Hazing—defined as an activity designed to degrade, humiliate, abuse, or endanger new members of a group—is still practiced all over the U.S. despite numerous cases of serious injury and even death. Most common in college club, teams, and organizations, hazing can occur as early as middle school and runs along a wide spectrum of severity. The practice encompasses everything from being forced to dress weirdly at school after making the 8th grade cheerleading squad to dangerous levels of alcohol consumption, sleep deprivation, sex acts, and beatings.
Cases such as the death of Florida A&M drum major, Robert Champion, from blunt force trauma after a hazing experience, and the very recent near death of Tennessee fraternity member Alexander Broughton from alcohol poisoning after a bizarre form of alcohol ingestion has thrust the practice into the forefront of public consciousness once again. Though many people willingly submit to hazing because of the tradition behind it and expectation that the ritual will bond them to the rest of the group, many victims are given no choice but to participate. Hazing, by definition, does not take the victim’s wishes into consideration.

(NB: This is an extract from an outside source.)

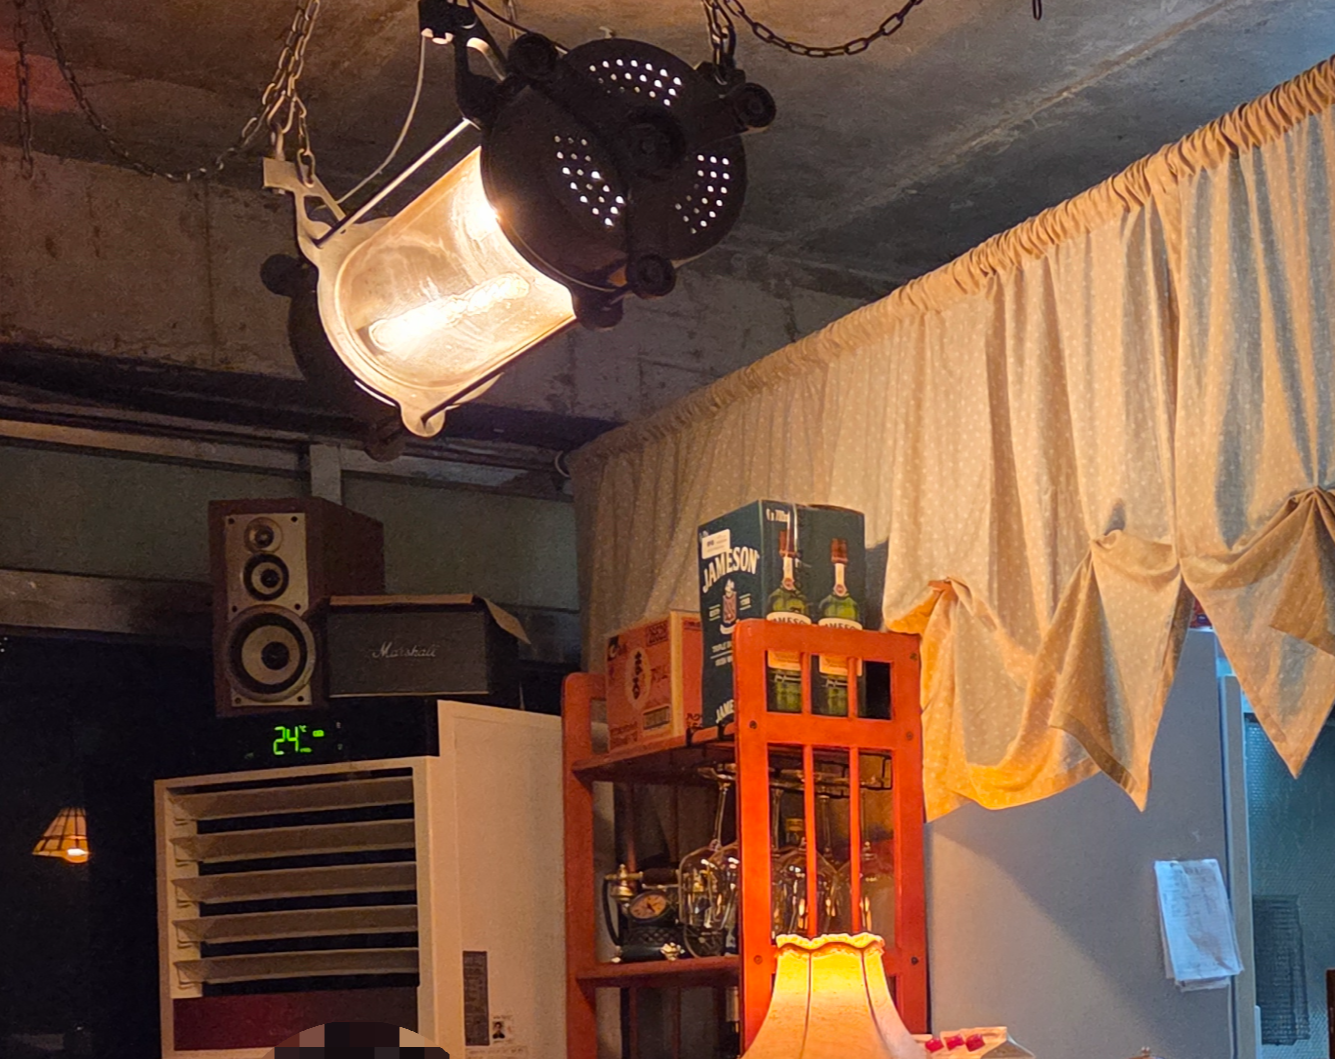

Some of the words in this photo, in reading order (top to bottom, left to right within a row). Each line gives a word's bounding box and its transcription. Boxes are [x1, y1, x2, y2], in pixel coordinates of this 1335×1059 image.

[702, 546, 759, 594] JAMESON
[371, 641, 438, 659] Marshall
[715, 699, 735, 724] JAME

So, what is the psychology behind hazing, and why does it persist despite the dangers?
Hazing in the U.S. goes as far back as the mid-seventeenth century and, at that time university presidents actually condoned the practice. According to a national study on collegiate hazing by the National Collaborative for Hazing Research and Prevention, 55% of students involved in clubs, teams, and organizations experience hazing. In 25% of cases, coaches or alumni are either present or aware of the hazing. When students felt they had experienced, hazing 95% did not report it to campus officials. Interestingly, the survey found that hazing was far from just a fraternity and sorority problem—all kinds of groups are hazing new members, including sports teams, performing arts groups, honor societies and academic clubs, recreational clubs, and religious groups.
According to psychologist and hazing expert, Susan Lipkins, hazing is a cyclical tradition in hierarchical groups, which is perpetuated by a psychological “blueprint.” New group members are subjected to the practice in order to prove worthy to be a part of the group. The next year, they observe the same happening to newer members, and then finally, they get to be the ones to perpetrate the tradition. Lipkins points out that it’s common for perpetrators to add a new twist or a little extra something to what their own experience was, which is how something that begins as mildly as singing in public can, over time, turn deadly.
Lipkins adds that, with hazing, comes a code of silence and victims are often intimidated into keeping quiet. This silence, along with the deep the sense of camaraderie, tradition, and bonding it can produce among group members, is part of why the practice is so difficult to stop.
As with any tradition, there are supporters of hazing, who argue that the few deaths that have occurred are isolated incidents and don’t mean hazing should be outlawed. Hazing supporters assert that hazing promotes group loyalty and discipline, creates a shared history, promotes bonding, creates a sense of pride and accomplishment, and prepares a person for challenges later in life.
Opponents cite injury—both emotional and physical—and preventable death as major reasons why hazing should be outlawed. The psychological and physical trauma can lead to lifelong problems. In addition, the vast majority of hazing incidents involve excess use of alcohol, most often among underage children. Hazing can also lead to serious liability risks, loss of the organization, and mistrust or resentment between group members.
At this time, 44 states have anti-hazing laws and 31 define the practice as a crime, but it is still occurring on high school and college campuses all over the U.S. In fact, in the U.S. military, hazing isn’t considered a crime, despite incidents such as the death of Army Private Danny Chen who, like others before him, committed suicide after months of physical and verbal abuse. Earlier this month, several members of Congress sent a letter to the General Counsel of the Department of Defense urging a change to the Uniform Code of Military Justice to include a statute specifically banning hazing.
Meanwhile, hazing is not only banned in most states, very serious cases can actually be prosecuted as a felony in Florida and California now. In fact, in the case of hazing deaths like Robert Champion, perpetrators can be charged with murder, leaving would-be hazers to determine whether the practice is worth going to prison.